Seguin entered the weekend eighth in the league with 41 points in 43 games but only 15 goals. He's had three straight 30-goal seasons but is only on pace for 27 this year.
"My conversation with him was: ‘Do you have another gear? I’ve seen you with another gear, and I want to see it,'” Ruff said, according to the Dallas Morning News. “There’s more there, I know there is. I get to watch games sometimes two or three times, and you see situations that turned to gold, and now they’re silver or bronze. I think he’s missing that little gear that I think he can find still.”
When you see the elaborate jersey retirement ceremonies held last month for Daniel Alfredsson in Ottawa and Friday for Martin St. Louis in Tampa, it renews the urge to scratch your head and wonder just what the heck the Sabres put on for Dominik Hasek when No. 39 went to the rafters two years ago Saturday.
No grand stage, no light show, no this-is-your-life parade of former teammates. Not even any family members. It seemed like a slapped together situation that was too understated, but one the team maintained was the way The Dominator wanted it. No pomp and circumstance. Frankly, it was a shame.
Speaking of St. Louis, Thursday's Sabres-Lightning game was the first NHL contest he had attended since retiring from the New York Rangers nearly two years ago. He's busy coaching three boys ages 8-13 in hockey in Fairfield, Conn.

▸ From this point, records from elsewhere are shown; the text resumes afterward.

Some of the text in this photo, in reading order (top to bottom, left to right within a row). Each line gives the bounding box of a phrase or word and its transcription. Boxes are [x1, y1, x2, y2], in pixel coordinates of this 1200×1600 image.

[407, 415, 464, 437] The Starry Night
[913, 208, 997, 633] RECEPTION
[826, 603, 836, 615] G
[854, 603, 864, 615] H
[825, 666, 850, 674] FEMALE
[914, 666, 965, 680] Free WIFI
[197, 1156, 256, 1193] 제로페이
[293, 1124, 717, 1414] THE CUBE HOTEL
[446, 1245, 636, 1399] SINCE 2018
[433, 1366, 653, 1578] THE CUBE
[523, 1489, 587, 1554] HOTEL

"People ask me if I miss hockey. I'm around it more than I was before," St. Louis told the Tampa Bay Times. "I don't miss playing at all. I was done. Mentally, I was done. I was missing so much of the good stuff. I was done. Mentally, I just felt terrible not being there for them."
Around the boards
---The ice storm in Kansas City that prompted the NFL to move the Chiefs-Steelers game to Sunday night got the NHL an unplanned national telecast. The Flyers and Capitals will play at 1 on NBC, in the time slot originally slated for the football game.
---The Blackhawks got four players picked for the All-Star Game but the biggest snub in the Central Division, and maybe the entire game, was Artemi Panarin. Chicago keeps moving guys due to the cap and still has the deepest group of star talents in the league.

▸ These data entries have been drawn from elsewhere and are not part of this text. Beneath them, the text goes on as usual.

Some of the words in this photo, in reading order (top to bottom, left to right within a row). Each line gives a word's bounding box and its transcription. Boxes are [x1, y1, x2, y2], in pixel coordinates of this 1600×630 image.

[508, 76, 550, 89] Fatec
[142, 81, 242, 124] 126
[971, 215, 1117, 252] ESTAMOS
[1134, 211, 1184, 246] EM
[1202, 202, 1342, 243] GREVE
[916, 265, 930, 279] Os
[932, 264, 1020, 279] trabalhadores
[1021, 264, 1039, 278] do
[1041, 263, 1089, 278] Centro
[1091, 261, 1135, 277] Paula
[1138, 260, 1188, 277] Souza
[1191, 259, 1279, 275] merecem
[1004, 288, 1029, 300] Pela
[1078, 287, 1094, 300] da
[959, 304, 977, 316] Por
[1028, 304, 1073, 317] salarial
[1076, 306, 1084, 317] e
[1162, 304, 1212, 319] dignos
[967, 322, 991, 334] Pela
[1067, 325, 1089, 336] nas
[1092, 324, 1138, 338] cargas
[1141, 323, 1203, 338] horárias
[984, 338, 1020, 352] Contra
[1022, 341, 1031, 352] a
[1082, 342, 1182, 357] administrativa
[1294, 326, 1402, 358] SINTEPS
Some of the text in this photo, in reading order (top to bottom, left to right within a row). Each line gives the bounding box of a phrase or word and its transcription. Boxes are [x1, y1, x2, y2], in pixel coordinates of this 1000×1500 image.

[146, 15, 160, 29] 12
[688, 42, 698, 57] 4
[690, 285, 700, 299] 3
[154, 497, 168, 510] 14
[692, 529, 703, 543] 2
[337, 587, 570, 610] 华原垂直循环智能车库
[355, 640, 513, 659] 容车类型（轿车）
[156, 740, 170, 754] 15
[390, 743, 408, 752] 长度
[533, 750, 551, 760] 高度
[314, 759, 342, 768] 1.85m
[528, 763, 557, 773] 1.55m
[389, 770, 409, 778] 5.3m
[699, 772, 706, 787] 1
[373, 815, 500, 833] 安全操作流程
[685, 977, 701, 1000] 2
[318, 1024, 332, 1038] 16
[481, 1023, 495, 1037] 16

---Even without Steven Stamkos, you better be ready to play some 78-rpm hockey when you head to Tampa Bay. With the likes of emerging star Nikita Kucherov, Ondroj Palat and others, pace is the name of Tampa's game.
Said Sabres coach Dan Bylsma: "The challenge of the Lightning was getting the speed of my computer to be right for watching the pre-scout game. I kept thinking my game was in fast-forward mode how fast it was being played."
---A stick tap to old friend Pete Weber, who broadcast his 2,000th game for the Predators last week. Weber, the Buffalo Baseball Hall of Famer best known in these parts for his work on Bisons games from 1983-1995, has been the original voice of hockey in Nashville since it landed in the NHL in 1998. This year, a bar opened in Bridgestone Arena named after Weber and former broadcast partner Terry Crisp.